**Entries provided:**

----------

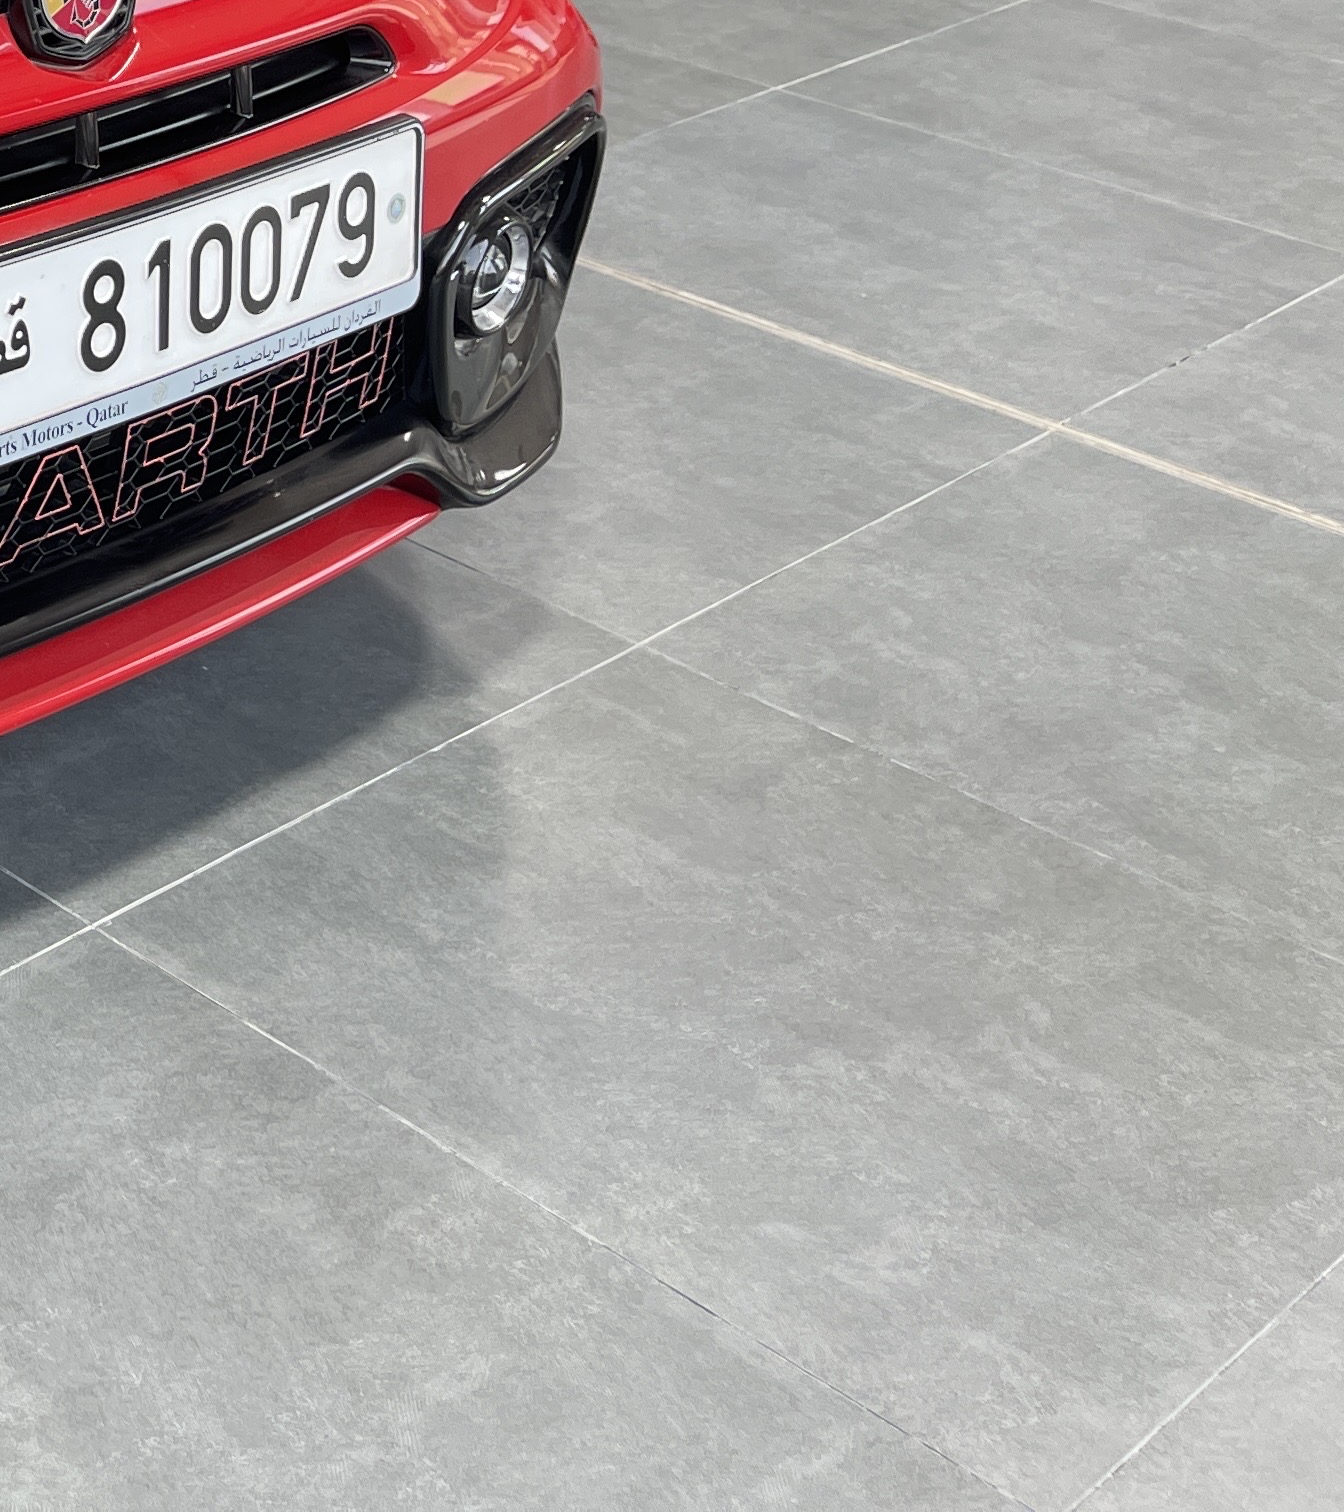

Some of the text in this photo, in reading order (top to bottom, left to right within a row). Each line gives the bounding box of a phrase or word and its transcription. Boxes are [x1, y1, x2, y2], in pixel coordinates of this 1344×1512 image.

[79, 170, 379, 373] 810079
[288, 316, 341, 349] للسيارات
[232, 336, 285, 372] الرياضية
[190, 364, 218, 396] قطر
[21, 419, 75, 451] Motors
[86, 399, 129, 428] Qatar

----------

**Exercise description:** Could you repeat all of the entries exactly, without any of the images?

**Response below:**
Some of the text in this photo, in reading order (top to bottom, left to right within a row). Each line gives the bounding box of a phrase or word and its transcription. Boxes are [x1, y1, x2, y2], in pixel coordinates of this 1344×1512 image.

[79, 170, 379, 373] 810079
[288, 316, 341, 349] للسيارات
[232, 336, 285, 372] الرياضية
[190, 364, 218, 396] قطر
[21, 419, 75, 451] Motors
[86, 399, 129, 428] Qatar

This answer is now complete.